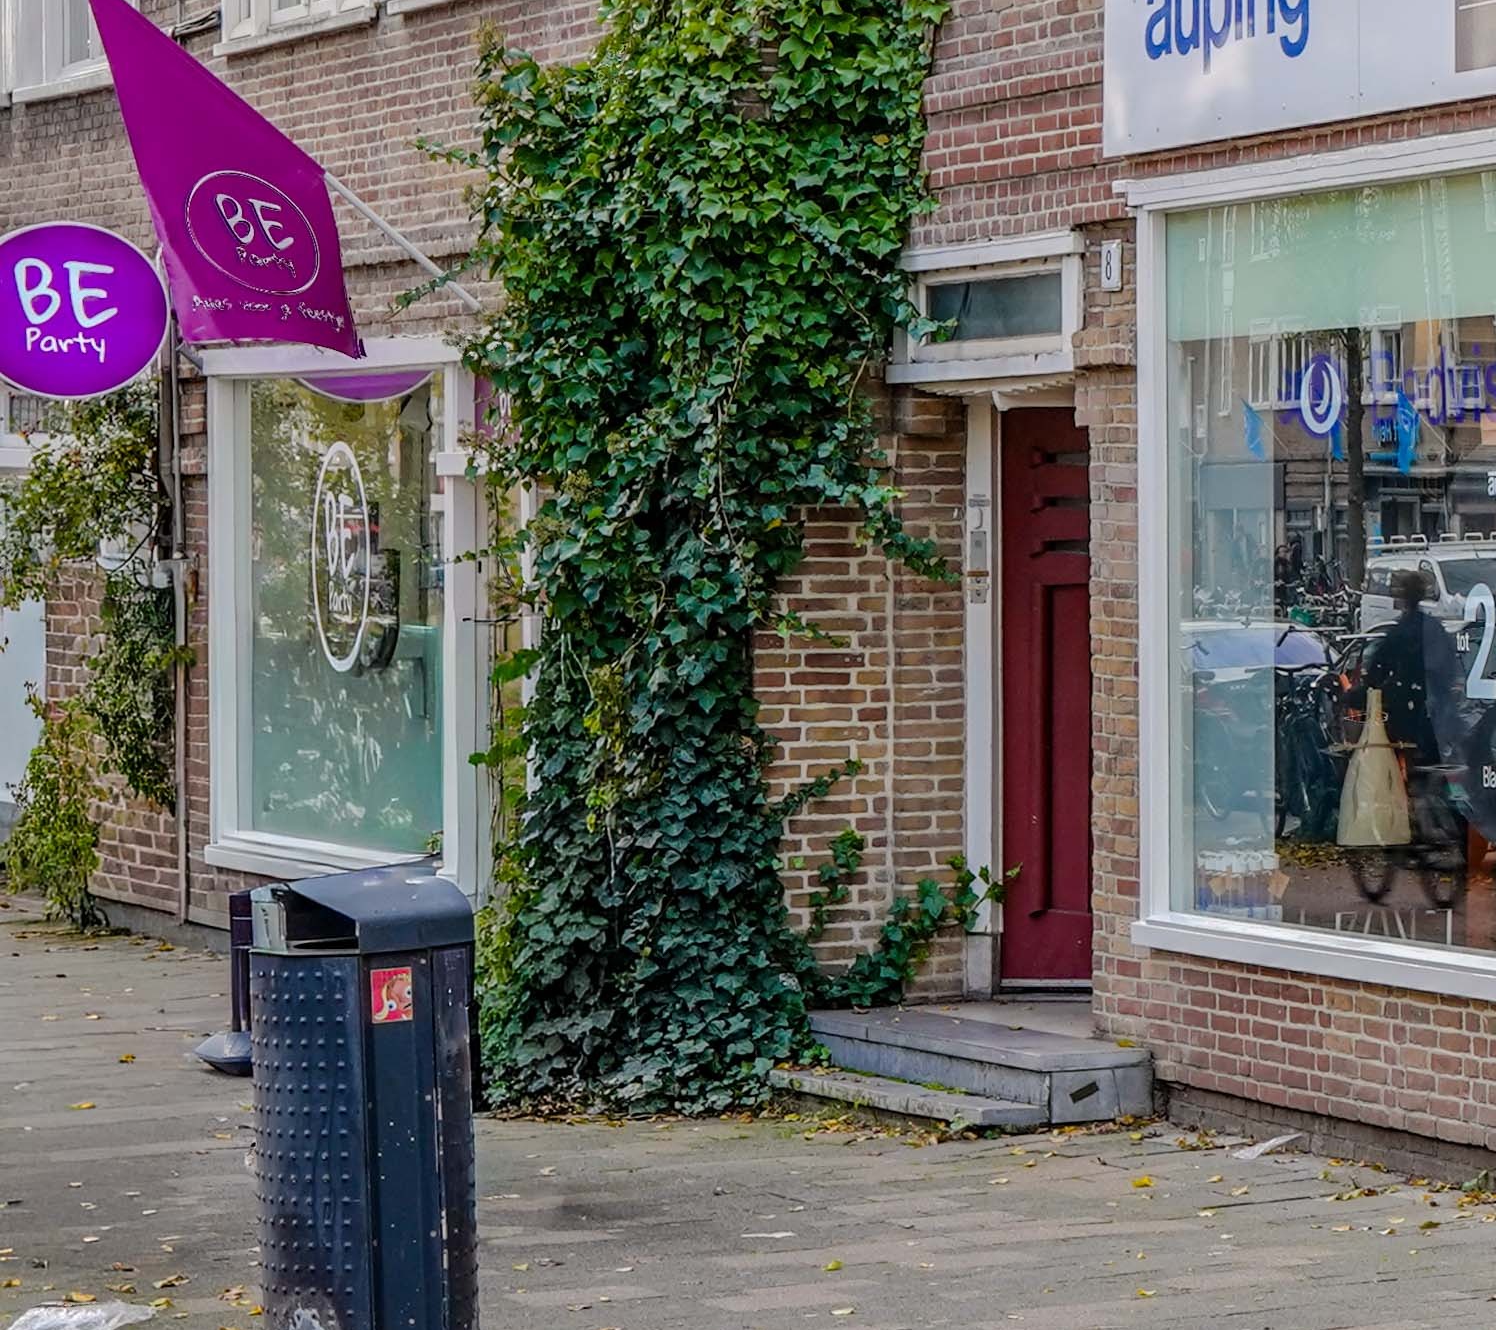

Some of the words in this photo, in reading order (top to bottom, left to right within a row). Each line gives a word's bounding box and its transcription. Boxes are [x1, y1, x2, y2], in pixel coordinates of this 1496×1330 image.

[214, 194, 295, 250] BE
[1104, 249, 1112, 281] 8
[14, 257, 118, 328] BE
[26, 327, 105, 363] Party
[1456, 633, 1470, 652] tot
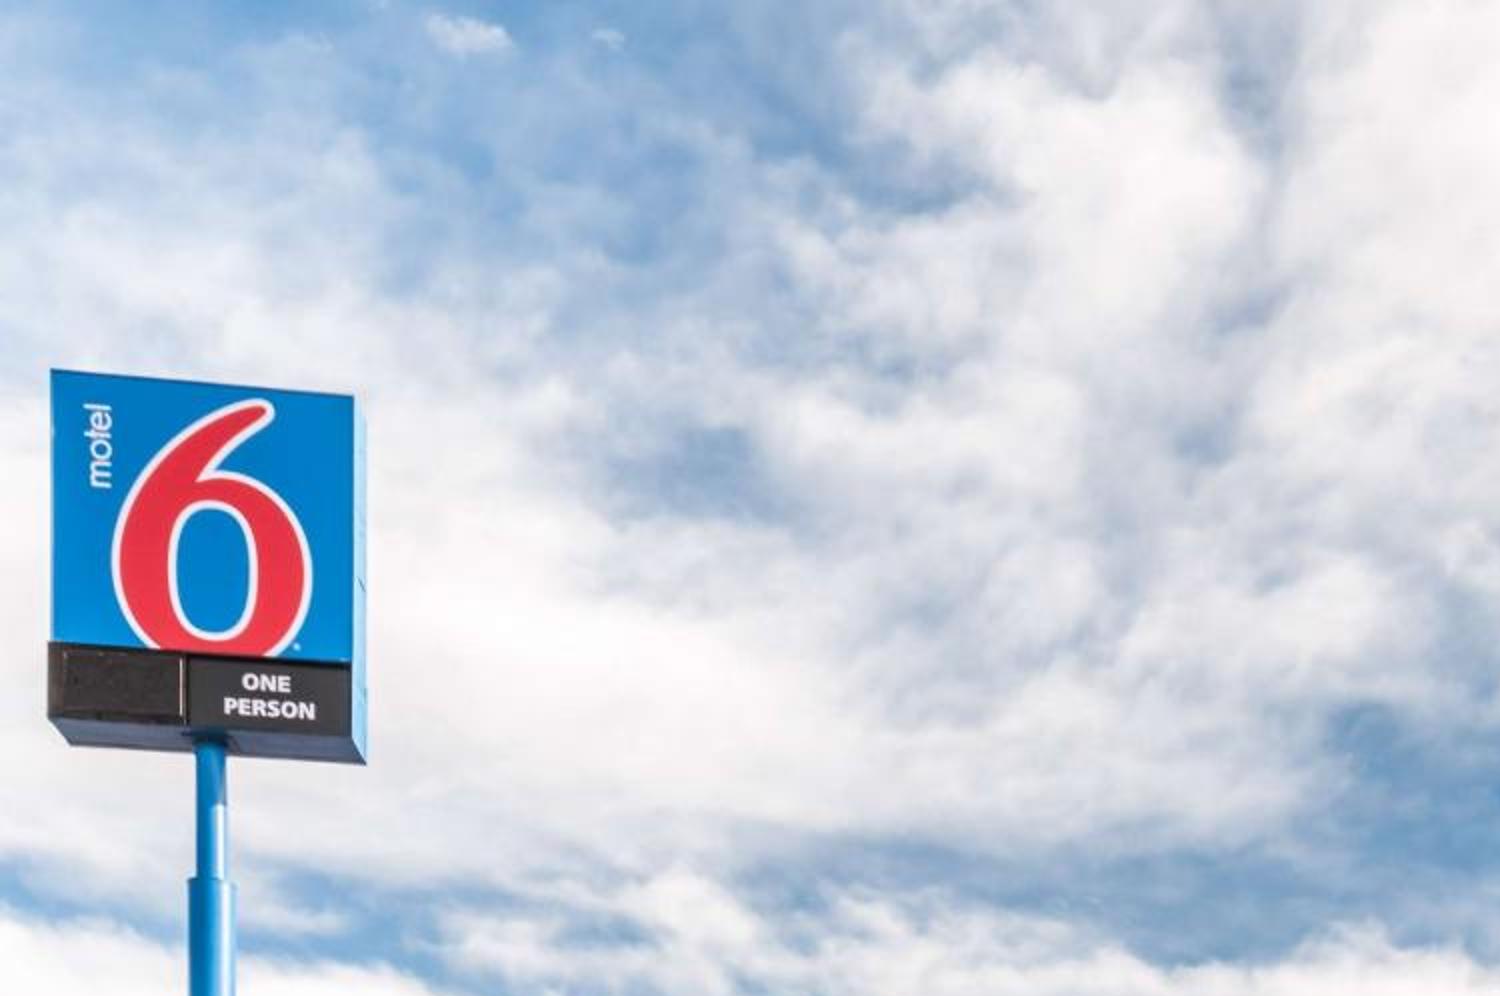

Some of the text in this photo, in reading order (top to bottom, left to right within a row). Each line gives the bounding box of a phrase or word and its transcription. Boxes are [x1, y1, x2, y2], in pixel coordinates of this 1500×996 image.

[83, 403, 112, 489] motel
[111, 398, 313, 658] 6
[223, 696, 316, 720] PERSON
[242, 672, 292, 693] ONE
━━━━━━━━━━━━━━━━
### Instructions for the task:
Output the data above exactly, excluding images.

### Response area:
Some of the words in this photo, in reading order (top to bottom, left to right within a row). Each line gives a word's bounding box and its transcription. Boxes are [x1, y1, x2, y2], in pixel coordinates of this 1496×1330 image.

[214, 194, 295, 250] BE
[1104, 249, 1112, 281] 8
[14, 257, 118, 328] BE
[26, 327, 105, 363] Party
[1456, 633, 1470, 652] tot

Some of the text in this photo, in reading order (top to bottom, left to right within a row). Each line gives the bounding box of a phrase or word and its transcription. Boxes are [x1, y1, x2, y2], in pixel coordinates of this 1500×996 image.

[83, 403, 112, 489] motel
[111, 398, 313, 658] 6
[223, 696, 316, 720] PERSON
[242, 672, 292, 693] ONE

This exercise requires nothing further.